- The problem
Transcribe the listing below in its entirety.

- Extracted records
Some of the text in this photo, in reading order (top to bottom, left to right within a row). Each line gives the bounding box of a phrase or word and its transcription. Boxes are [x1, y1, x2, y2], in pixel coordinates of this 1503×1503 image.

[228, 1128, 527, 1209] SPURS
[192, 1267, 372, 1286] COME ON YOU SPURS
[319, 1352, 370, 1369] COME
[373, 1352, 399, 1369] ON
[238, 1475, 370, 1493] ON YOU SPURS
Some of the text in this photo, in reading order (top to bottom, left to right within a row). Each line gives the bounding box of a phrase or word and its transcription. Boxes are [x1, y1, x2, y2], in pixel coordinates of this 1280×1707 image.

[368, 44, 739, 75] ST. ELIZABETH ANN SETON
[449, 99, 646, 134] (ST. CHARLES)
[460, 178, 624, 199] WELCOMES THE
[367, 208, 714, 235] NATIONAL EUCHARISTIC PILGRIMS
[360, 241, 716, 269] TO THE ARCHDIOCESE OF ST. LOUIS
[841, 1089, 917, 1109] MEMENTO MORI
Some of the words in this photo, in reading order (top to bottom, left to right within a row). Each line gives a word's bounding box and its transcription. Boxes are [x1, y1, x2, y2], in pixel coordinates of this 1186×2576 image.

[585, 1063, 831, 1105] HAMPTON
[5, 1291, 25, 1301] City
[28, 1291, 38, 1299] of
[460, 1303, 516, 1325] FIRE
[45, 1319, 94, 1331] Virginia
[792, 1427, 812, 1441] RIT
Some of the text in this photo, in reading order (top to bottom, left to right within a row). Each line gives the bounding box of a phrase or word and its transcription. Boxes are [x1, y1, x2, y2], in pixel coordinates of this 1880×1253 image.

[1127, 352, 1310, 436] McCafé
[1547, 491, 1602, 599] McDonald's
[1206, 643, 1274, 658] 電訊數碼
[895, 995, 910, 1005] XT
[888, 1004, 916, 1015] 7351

- Task answer
Some of the text in this photo, in reading order (top to bottom, left to right within a row). Each line gives the bounding box of a phrase or word and its transcription. Boxes are [x1, y1, x2, y2], in pixel coordinates of this 1503×1503 image.

[228, 1128, 527, 1209] SPURS
[192, 1267, 372, 1286] COME ON YOU SPURS
[319, 1352, 370, 1369] COME
[373, 1352, 399, 1369] ON
[238, 1475, 370, 1493] ON YOU SPURS
Some of the text in this photo, in reading order (top to bottom, left to right within a row). Each line gives the bounding box of a phrase or word and its transcription. Boxes are [x1, y1, x2, y2], in pixel coordinates of this 1280×1707 image.

[368, 44, 739, 75] ST. ELIZABETH ANN SETON
[449, 99, 646, 134] (ST. CHARLES)
[460, 178, 624, 199] WELCOMES THE
[367, 208, 714, 235] NATIONAL EUCHARISTIC PILGRIMS
[360, 241, 716, 269] TO THE ARCHDIOCESE OF ST. LOUIS
[841, 1089, 917, 1109] MEMENTO MORI
Some of the words in this photo, in reading order (top to bottom, left to right within a row). Each line gives a word's bounding box and its transcription. Boxes are [x1, y1, x2, y2], in pixel coordinates of this 1186×2576 image.

[585, 1063, 831, 1105] HAMPTON
[5, 1291, 25, 1301] City
[28, 1291, 38, 1299] of
[460, 1303, 516, 1325] FIRE
[45, 1319, 94, 1331] Virginia
[792, 1427, 812, 1441] RIT
Some of the text in this photo, in reading order (top to bottom, left to right within a row). Each line gives the bounding box of a phrase or word and its transcription. Boxes are [x1, y1, x2, y2], in pixel coordinates of this 1880×1253 image.

[1127, 352, 1310, 436] McCafé
[1547, 491, 1602, 599] McDonald's
[1206, 643, 1274, 658] 電訊數碼
[895, 995, 910, 1005] XT
[888, 1004, 916, 1015] 7351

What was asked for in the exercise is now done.